Diamonds and Naples.


Michael Ledeen

I think I got into bed in the middle of the seventh inning, had my life-preserving shot of grappa, and dozed off, with the radio on to the game. A bit later, as Little went to the mound the first time and left Pedro in the game, I woke up and heard the Yankees tie the score. When Little went out the second time, Joe Morgan confessed: “Now I believe in The Curse. I never did before, but now I do. I just don’t understand anything about the eighth inning.”

And that’s exactly right, which is why I am writing a book on Naples, where curses and other forms of magic are simply accepted as a part of life. Life is full of terrible and wonderful things, and for the most part they are all very hard to explain. We hyper rationalists of the Enlightenment Faith constantly try to find material, causal explanations for most everything, but that enterprise is doomed, both by the limits of human understanding and by what my father–an engineer–called the “innate perversity of the inanimate.”

You will be told that The Curse is not really an explanation, let alone scientific, but in fact it meets all the requirements for good science. First of all, it thoroughly explains the phenomenon: The deranged owner of the Red Sox sold Babe Ruth to the Yankees, and so the baseball gods punished him for his monumental error by causing the Red Sox always to lose. You can’t ask for a more complete or convincing explanation than that. Second, the results can be replicated, as they have been for endless decades. Third, the theory accurately predicts future results (the eighth inning, for example, which, as Joe Morgan pointed out, cannot be explained any other way). Fourth, there is no convincing alternative explanation for the data. And fifth, it passes peer review. The players, owners, coaches, and fans of the Red Sox (the same can be said of the other accursed team, the Cubs) may say they don’t believe it, but of course they do. They must.

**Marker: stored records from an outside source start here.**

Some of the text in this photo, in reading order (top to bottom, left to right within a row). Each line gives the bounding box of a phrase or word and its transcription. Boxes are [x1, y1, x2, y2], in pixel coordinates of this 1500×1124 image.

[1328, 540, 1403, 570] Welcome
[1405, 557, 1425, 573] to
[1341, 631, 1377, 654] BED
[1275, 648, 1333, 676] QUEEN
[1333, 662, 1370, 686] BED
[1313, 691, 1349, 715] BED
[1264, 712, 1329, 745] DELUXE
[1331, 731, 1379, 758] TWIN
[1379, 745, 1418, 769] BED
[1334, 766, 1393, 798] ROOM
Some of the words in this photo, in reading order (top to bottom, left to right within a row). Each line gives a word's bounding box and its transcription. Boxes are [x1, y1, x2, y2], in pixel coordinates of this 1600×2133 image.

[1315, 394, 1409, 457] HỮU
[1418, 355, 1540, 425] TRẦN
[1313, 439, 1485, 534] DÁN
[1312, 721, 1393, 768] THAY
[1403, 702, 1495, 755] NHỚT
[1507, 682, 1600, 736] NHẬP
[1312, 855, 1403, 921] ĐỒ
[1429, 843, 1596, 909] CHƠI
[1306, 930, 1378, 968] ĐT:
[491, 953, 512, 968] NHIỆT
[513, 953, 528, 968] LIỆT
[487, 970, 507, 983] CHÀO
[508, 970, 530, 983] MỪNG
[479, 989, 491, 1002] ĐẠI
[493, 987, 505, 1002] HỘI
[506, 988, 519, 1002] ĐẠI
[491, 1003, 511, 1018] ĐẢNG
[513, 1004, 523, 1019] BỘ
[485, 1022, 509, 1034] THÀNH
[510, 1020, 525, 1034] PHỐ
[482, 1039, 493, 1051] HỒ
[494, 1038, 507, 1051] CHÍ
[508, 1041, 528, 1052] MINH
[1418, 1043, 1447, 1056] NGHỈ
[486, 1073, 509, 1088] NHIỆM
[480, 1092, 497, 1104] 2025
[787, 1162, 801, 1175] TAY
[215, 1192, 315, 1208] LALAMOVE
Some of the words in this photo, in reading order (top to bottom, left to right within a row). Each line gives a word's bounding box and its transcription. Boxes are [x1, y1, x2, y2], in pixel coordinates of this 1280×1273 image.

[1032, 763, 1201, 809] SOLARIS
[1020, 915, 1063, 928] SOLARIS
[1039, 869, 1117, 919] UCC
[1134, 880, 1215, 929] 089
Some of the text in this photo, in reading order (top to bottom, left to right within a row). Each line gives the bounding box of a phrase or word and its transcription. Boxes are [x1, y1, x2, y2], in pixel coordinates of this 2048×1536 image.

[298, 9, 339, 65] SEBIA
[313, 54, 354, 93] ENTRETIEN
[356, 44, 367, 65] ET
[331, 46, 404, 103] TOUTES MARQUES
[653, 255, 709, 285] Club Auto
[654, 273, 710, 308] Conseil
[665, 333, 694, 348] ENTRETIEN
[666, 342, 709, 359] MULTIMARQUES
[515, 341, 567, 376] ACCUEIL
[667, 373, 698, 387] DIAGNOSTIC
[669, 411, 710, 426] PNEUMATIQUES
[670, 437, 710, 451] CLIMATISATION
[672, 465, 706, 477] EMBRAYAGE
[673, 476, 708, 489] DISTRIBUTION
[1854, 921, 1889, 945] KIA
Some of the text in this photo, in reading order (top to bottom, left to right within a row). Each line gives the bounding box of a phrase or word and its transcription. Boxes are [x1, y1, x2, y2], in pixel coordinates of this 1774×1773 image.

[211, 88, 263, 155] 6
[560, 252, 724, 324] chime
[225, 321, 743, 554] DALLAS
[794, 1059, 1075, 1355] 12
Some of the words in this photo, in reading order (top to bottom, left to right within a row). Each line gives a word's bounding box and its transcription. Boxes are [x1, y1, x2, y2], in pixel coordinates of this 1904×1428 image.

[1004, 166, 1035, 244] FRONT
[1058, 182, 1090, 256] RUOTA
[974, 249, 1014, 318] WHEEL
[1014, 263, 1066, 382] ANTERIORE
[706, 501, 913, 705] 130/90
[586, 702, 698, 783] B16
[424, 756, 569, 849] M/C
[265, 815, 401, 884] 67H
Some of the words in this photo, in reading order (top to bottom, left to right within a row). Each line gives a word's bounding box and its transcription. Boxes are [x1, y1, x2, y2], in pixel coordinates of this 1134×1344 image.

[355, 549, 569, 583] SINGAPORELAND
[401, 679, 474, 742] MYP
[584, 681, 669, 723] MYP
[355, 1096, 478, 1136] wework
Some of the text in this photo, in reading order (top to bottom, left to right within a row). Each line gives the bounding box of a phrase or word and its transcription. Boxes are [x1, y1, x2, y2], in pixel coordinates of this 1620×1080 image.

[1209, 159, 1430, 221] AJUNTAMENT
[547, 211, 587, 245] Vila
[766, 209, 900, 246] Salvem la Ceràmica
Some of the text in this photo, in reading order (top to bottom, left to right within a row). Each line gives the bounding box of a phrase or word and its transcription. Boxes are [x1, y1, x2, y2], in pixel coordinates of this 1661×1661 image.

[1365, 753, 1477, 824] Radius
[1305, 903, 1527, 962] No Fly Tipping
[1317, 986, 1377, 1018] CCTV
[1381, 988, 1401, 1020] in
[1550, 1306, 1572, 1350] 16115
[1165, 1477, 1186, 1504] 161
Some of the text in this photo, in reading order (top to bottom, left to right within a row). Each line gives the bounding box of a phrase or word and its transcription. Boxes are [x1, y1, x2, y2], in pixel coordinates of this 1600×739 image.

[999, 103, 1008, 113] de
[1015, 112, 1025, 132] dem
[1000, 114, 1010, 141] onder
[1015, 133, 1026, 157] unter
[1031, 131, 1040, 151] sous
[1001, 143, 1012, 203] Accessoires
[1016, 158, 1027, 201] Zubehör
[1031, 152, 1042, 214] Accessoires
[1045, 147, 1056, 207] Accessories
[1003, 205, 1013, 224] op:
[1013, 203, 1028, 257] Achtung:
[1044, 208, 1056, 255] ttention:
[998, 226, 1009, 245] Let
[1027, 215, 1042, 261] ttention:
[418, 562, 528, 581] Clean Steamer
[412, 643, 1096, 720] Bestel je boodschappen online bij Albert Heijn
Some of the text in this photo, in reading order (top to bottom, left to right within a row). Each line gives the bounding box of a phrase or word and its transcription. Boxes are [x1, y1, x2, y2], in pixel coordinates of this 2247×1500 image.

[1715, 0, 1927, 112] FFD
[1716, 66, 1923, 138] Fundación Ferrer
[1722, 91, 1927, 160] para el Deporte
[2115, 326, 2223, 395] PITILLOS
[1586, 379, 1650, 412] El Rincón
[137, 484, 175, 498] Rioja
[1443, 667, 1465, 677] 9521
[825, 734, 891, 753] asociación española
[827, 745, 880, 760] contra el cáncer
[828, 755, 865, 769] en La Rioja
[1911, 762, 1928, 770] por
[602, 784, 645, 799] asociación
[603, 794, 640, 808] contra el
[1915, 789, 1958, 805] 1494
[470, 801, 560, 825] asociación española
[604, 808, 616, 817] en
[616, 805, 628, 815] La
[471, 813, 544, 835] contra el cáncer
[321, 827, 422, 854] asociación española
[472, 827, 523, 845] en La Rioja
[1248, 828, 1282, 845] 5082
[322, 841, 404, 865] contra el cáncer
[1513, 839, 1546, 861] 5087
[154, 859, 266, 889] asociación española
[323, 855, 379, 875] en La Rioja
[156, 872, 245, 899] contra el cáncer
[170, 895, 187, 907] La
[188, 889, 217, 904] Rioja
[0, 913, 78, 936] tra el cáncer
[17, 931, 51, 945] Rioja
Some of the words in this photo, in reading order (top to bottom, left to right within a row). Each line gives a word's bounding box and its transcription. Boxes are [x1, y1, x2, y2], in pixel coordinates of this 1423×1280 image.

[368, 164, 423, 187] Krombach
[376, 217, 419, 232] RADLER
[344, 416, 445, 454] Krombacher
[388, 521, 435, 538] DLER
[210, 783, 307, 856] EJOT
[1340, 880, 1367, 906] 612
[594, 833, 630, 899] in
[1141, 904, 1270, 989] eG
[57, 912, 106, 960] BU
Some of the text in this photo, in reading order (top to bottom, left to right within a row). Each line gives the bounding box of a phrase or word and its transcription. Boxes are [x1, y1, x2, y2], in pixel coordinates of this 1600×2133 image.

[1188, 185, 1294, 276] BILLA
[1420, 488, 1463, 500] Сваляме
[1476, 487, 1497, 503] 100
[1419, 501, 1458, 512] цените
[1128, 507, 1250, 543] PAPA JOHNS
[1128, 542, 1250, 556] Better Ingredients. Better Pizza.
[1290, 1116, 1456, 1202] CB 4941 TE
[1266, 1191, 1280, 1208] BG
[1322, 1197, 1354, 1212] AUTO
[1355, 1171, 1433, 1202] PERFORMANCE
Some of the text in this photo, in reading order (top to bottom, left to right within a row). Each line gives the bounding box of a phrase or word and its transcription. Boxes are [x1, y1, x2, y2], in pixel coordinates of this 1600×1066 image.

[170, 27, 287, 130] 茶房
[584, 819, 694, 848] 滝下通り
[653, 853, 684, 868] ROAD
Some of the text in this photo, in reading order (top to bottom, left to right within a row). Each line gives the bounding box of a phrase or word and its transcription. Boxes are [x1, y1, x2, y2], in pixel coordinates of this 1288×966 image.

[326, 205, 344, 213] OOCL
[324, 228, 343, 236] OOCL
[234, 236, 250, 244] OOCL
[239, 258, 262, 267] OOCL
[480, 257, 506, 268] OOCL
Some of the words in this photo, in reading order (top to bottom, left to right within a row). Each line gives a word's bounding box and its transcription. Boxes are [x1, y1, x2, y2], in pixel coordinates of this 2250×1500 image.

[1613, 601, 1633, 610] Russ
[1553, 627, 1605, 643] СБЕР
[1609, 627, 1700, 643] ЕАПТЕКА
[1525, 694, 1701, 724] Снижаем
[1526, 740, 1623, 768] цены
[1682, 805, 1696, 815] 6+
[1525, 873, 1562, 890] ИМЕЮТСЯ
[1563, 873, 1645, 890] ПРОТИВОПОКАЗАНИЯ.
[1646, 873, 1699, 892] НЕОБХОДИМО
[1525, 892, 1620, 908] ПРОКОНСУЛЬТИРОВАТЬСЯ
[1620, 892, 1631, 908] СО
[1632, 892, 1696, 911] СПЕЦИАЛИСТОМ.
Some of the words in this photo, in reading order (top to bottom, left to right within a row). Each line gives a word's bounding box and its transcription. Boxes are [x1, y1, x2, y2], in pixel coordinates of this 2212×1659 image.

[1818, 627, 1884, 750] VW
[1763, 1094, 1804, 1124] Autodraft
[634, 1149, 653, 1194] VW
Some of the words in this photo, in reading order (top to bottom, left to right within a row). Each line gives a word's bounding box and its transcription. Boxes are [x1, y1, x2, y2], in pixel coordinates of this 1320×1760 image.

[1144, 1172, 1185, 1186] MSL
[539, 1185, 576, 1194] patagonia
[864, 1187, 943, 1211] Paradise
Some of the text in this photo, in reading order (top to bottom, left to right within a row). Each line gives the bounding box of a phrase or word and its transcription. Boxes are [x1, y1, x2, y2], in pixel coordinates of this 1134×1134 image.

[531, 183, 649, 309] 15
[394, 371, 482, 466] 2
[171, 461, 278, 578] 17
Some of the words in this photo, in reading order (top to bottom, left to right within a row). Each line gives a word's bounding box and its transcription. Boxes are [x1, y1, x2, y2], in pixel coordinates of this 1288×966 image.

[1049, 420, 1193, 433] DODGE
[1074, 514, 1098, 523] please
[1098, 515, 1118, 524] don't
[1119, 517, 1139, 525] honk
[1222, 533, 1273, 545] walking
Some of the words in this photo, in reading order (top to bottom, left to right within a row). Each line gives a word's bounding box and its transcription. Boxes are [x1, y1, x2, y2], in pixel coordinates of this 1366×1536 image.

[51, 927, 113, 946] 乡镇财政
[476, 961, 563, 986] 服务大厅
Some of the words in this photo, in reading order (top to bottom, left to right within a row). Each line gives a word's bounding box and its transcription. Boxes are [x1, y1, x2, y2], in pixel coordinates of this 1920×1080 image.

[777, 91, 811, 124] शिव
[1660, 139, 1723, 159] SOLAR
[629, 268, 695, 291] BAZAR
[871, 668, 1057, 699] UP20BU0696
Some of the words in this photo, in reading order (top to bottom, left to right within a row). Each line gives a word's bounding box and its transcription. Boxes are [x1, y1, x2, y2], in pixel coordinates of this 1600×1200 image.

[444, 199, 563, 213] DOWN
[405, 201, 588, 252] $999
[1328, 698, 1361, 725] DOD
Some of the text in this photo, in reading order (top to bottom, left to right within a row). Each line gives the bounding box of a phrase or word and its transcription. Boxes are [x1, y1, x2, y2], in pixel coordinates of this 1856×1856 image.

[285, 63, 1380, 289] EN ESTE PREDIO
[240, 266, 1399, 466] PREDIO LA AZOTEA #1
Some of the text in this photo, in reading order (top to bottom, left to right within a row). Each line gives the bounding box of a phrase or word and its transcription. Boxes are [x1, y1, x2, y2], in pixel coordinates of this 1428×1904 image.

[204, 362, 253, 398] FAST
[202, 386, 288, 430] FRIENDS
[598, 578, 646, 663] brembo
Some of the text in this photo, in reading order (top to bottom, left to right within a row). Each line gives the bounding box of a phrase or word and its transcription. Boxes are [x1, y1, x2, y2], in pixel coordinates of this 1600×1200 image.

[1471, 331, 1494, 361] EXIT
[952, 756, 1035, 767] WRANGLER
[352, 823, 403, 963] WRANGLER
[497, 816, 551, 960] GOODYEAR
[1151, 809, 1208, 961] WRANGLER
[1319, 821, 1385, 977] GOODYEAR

While we refuse to accept magic in our lives, the Neapolitans embrace it. And since they embrace it, they are better at identifying it, and in so doing they avoid some of the miseries that afflict modern man. Take envy, for example. Poor Neapolitans (which is to say, most Neapolitans) are astonishingly free of envy of those more successful than themselves. In many of the old neighborhoods, rich and poor live on top of one another (Literally. In a single palace you can find dirt-eating poor on street level, and gradually higher-status folks moving up the stairs, until you arrive at the luxurious flat of the aristocrat on top), and the poor take pleasure in the grandeur and comfort of the rich. They would love to live that way, but since they believe that luxury is usually bestowed magically rather than earned (yes, they know it was sometimes stolen, but that’s another story), they hope for similar good fortune. On the other hand, they know that most of them will not get good fortune, but rather…a form of The Curse.

Much of Neapolitan life revolves around the most likely source of great fortune: the weekly lottery. Tradition has it that Neapolitans’ dead ancestors–who are omnipresent in current events–always know the winning numbers in advance. And they are desperately trying to transmit those numbers to their progeny–through dreams. Not just any dreams, but dreams with a special numinous “feel” to them, usually dreamt shortly before awakening. There are thick volumes of dream interpretations that translate dream images into numbers (I have a small collection of such books, even though I am not yet a lottery player), and there are sages and masters of the occult who can help you judge whether your dream is the right sort, and how to extract the numbers from the dream images.

As you can imagine, there is a lot of conversation about dreams and numbers–Naples is the chattiest city in the world– which is to say about magic. And, like The Curse, the theory has been confirmed many times, as lottery winners share their winnings with the dream readers, to the great satisfaction of the public.

A great miracle, and thus a great mystery, lies at the heart of Neapolitan life: the miracle of San Gennaro, the city’s (recently downgraded) patron saint. Beheaded by the Romans, his congealed blood is in a small vial in a special chapel of the cathedral, and three times a year the vial is taken out by the archbishop, and the faithful pray over it, and yell at San Gennaro to perform his miracle and liquefy his blood. Most of the time, the miracle takes place quite rapidly, but sometimes it takes hours (bad sign) and rarely it does not happen at all (terrible sign, usually followed by an eruption of Vesuvius or a new cholera outbreak or war or some such). Scientists have of course tried to explain (or explain away) the miracle, but have thus far failed (thank goodness!). And so Neapolitans continue to believe that if San Gennaro’s miracle succeeds, the city will have good fortune, but if it fails, The Curse is on them.

As it most certainly is on the Red Sox. And that’s science, baby. Not that junk you read about in the learned journals.